**Data shown**
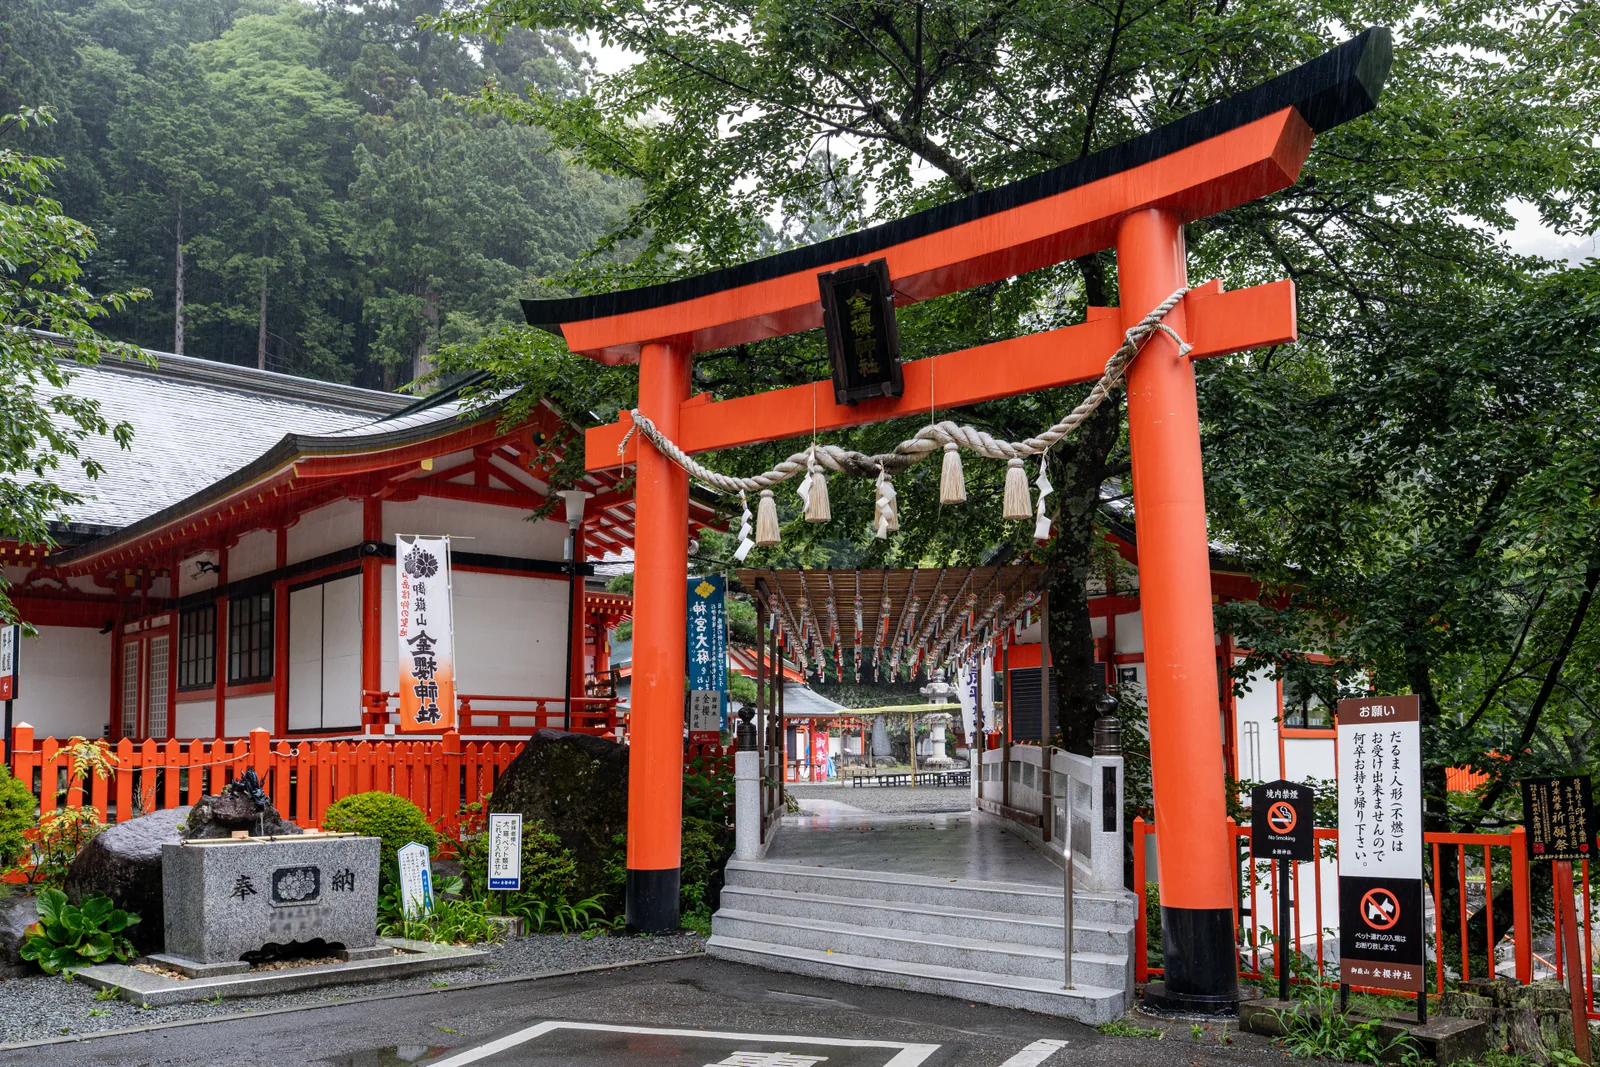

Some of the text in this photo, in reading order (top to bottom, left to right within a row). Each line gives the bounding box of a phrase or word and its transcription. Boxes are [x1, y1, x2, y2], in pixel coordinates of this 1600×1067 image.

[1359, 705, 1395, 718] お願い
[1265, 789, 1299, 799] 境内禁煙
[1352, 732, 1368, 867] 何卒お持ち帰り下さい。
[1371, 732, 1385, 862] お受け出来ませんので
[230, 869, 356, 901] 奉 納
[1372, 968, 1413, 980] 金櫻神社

**Problem to work on**
Exact copy, no pictures: set down all the entries again as they stand.

**Response area**
Some of the text in this photo, in reading order (top to bottom, left to right within a row). Each line gives the bounding box of a phrase or word and its transcription. Boxes are [x1, y1, x2, y2], in pixel coordinates of this 1600×1067 image.

[1359, 705, 1395, 718] お願い
[1265, 789, 1299, 799] 境内禁煙
[1352, 732, 1368, 867] 何卒お持ち帰り下さい。
[1371, 732, 1385, 862] お受け出来ませんので
[230, 869, 356, 901] 奉 納
[1372, 968, 1413, 980] 金櫻神社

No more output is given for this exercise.